#### INSTRUCTIONS TO FOLLOW:
Exactly as written and without the pictures, output the entries below.

#### GIVEN DATA:
++++++++++

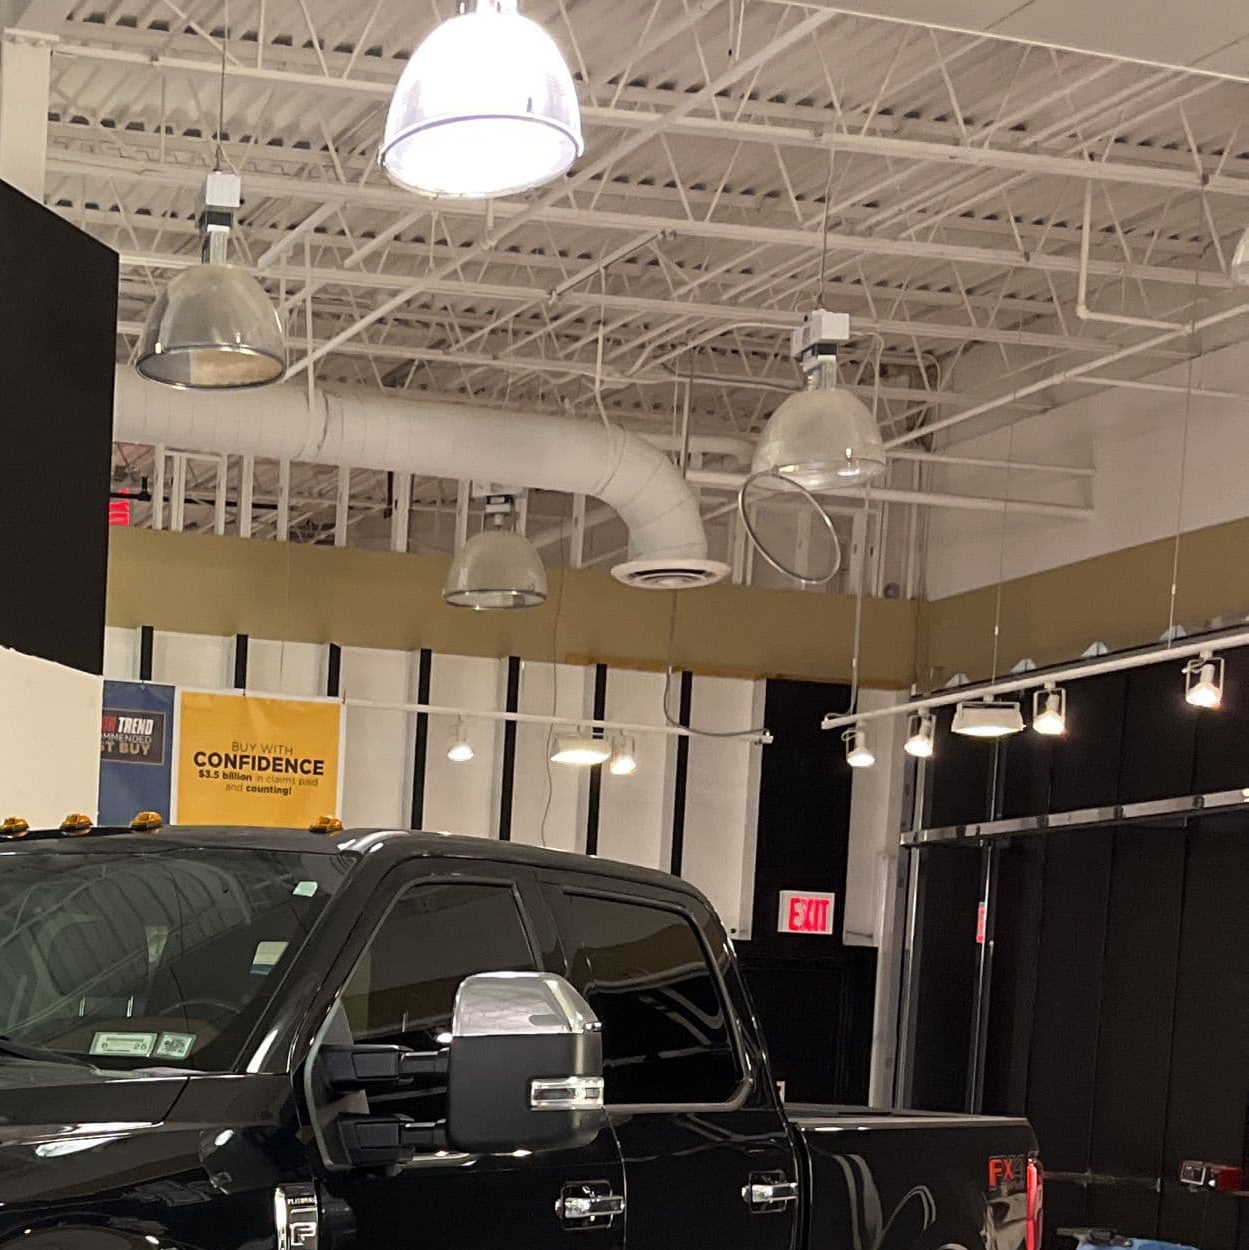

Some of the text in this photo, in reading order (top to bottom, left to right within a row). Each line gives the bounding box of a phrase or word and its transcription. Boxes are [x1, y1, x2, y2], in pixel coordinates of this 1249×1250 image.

[117, 716, 154, 736] TREND
[119, 743, 151, 755] BUY
[231, 741, 294, 756] BUY WITH
[193, 751, 325, 776] CONFIDENCE
[198, 769, 319, 788] $3.5 billion in claims paid
[225, 782, 293, 797] and counting!
[789, 897, 830, 932] EXIT
[989, 1155, 1025, 1190] FX4
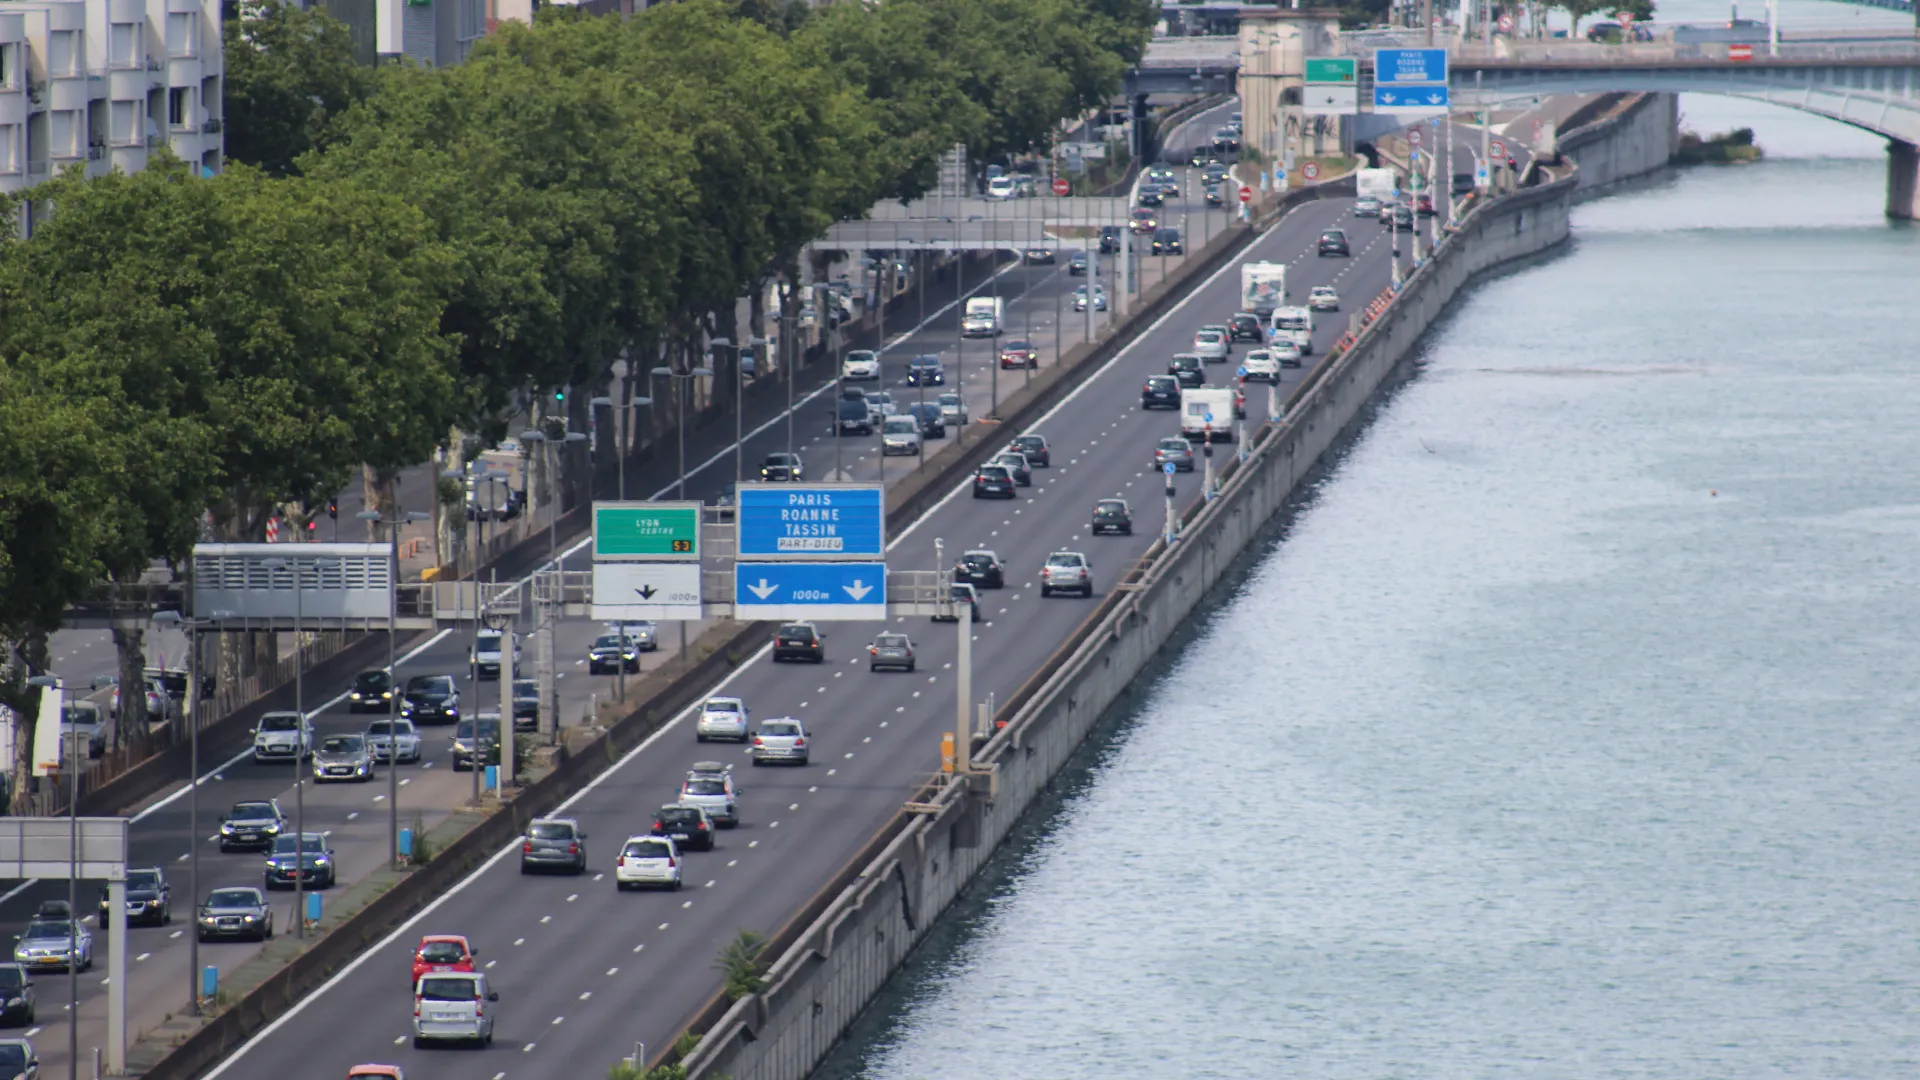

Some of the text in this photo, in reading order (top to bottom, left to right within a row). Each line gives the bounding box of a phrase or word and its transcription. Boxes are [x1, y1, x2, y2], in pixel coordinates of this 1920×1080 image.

[788, 493, 832, 506] PARIS
[781, 508, 840, 521] ROANNE
[635, 518, 660, 527] LYON
[785, 523, 836, 536] TASSIN
[779, 539, 842, 549] PART-DIEU
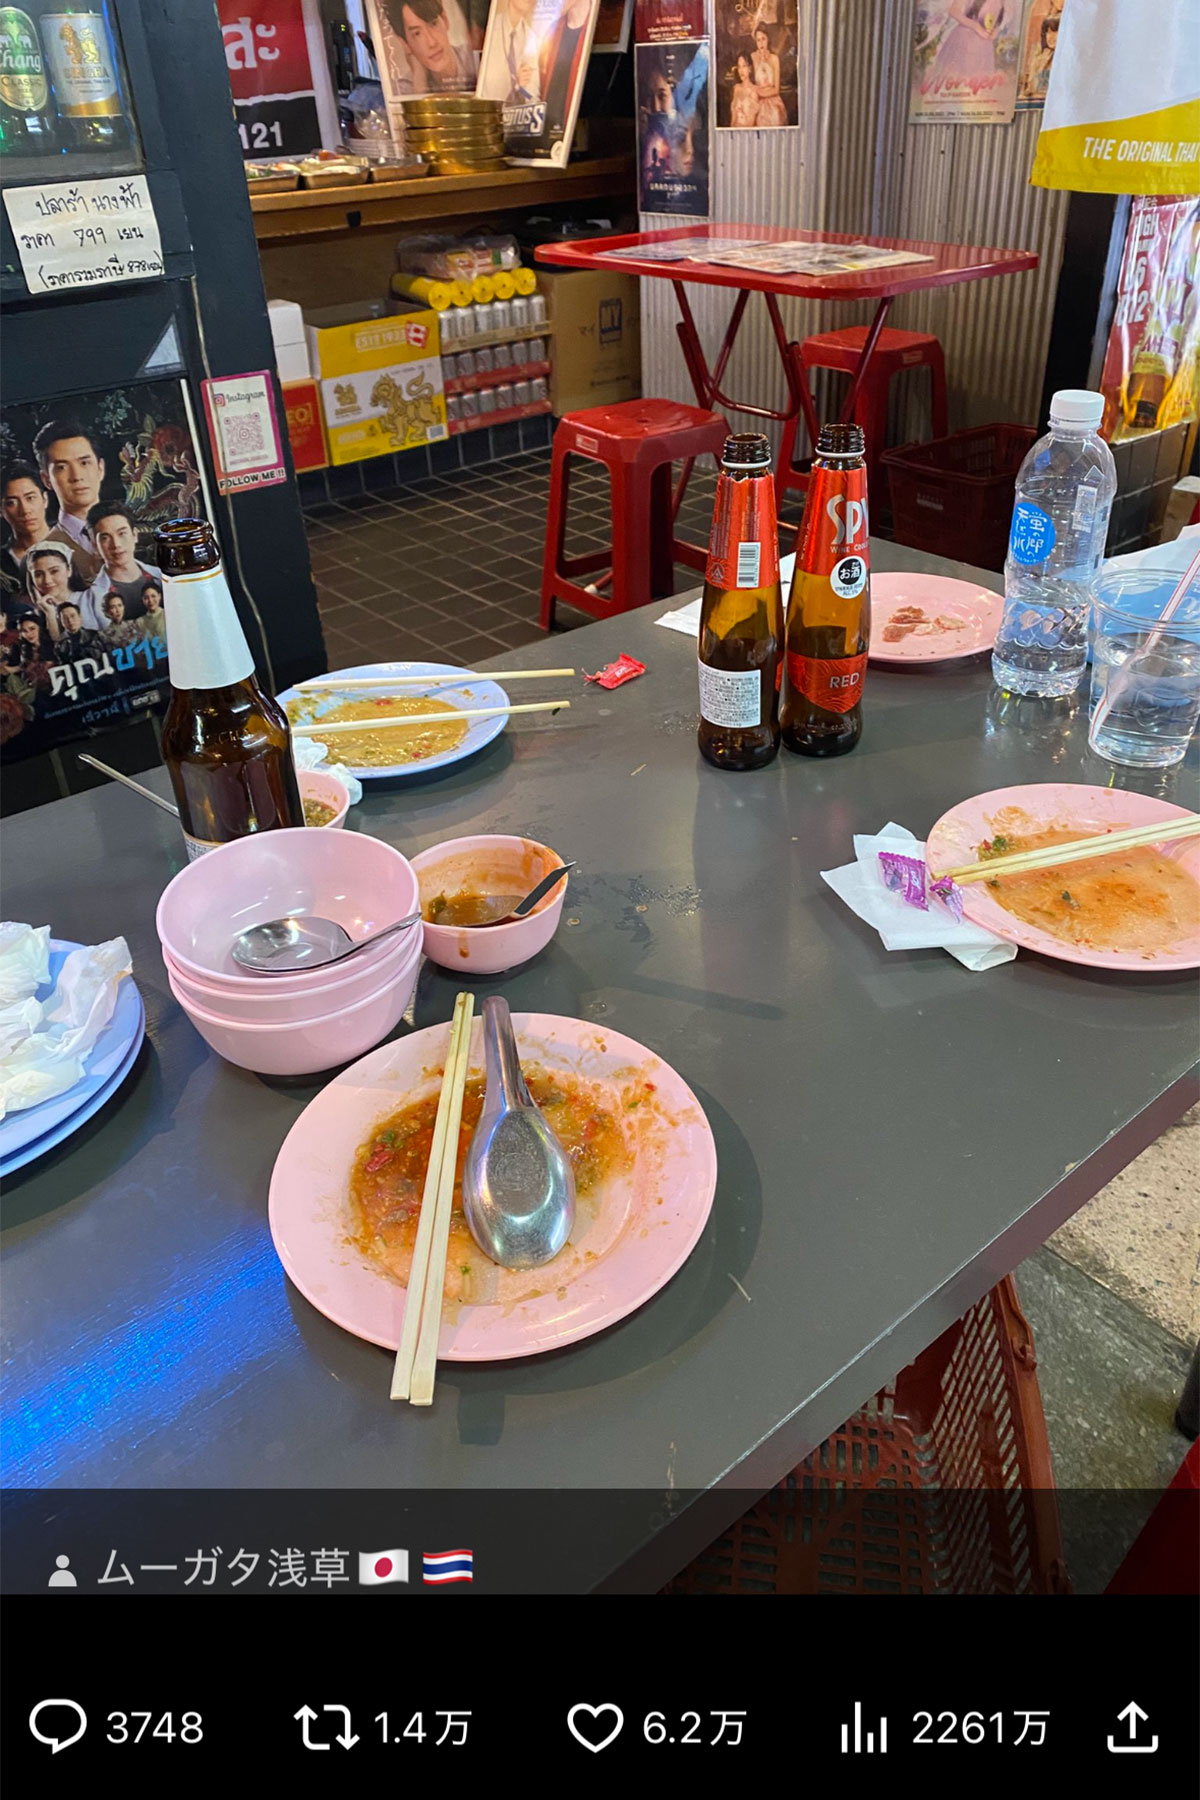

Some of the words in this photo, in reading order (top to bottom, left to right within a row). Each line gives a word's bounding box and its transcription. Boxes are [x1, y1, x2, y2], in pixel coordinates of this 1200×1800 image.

++++++++++

#### TASK RESULT:
Some of the text in this photo, in reading order (top to bottom, left to right within a row). Each line gives the bounding box of a phrase or word and its transcription. Boxes are [x1, y1, x2, y2], in pixel coordinates of this 1249×1250 image.

[117, 716, 154, 736] TREND
[119, 743, 151, 755] BUY
[231, 741, 294, 756] BUY WITH
[193, 751, 325, 776] CONFIDENCE
[198, 769, 319, 788] $3.5 billion in claims paid
[225, 782, 293, 797] and counting!
[789, 897, 830, 932] EXIT
[989, 1155, 1025, 1190] FX4

Some of the text in this photo, in reading order (top to bottom, left to right within a row). Each line gives the bounding box of a phrase or word and its transcription. Boxes are [x1, y1, x2, y2], in pixel coordinates of this 1920×1080 image.

[788, 493, 832, 506] PARIS
[781, 508, 840, 521] ROANNE
[635, 518, 660, 527] LYON
[785, 523, 836, 536] TASSIN
[779, 539, 842, 549] PART-DIEU

Some of the words in this photo, in reading order (top to bottom, left to right within a row). Each line gives a word's bounding box and its transcription. Boxes are [x1, y1, x2, y2], in pixel coordinates of this 1200×1800 image.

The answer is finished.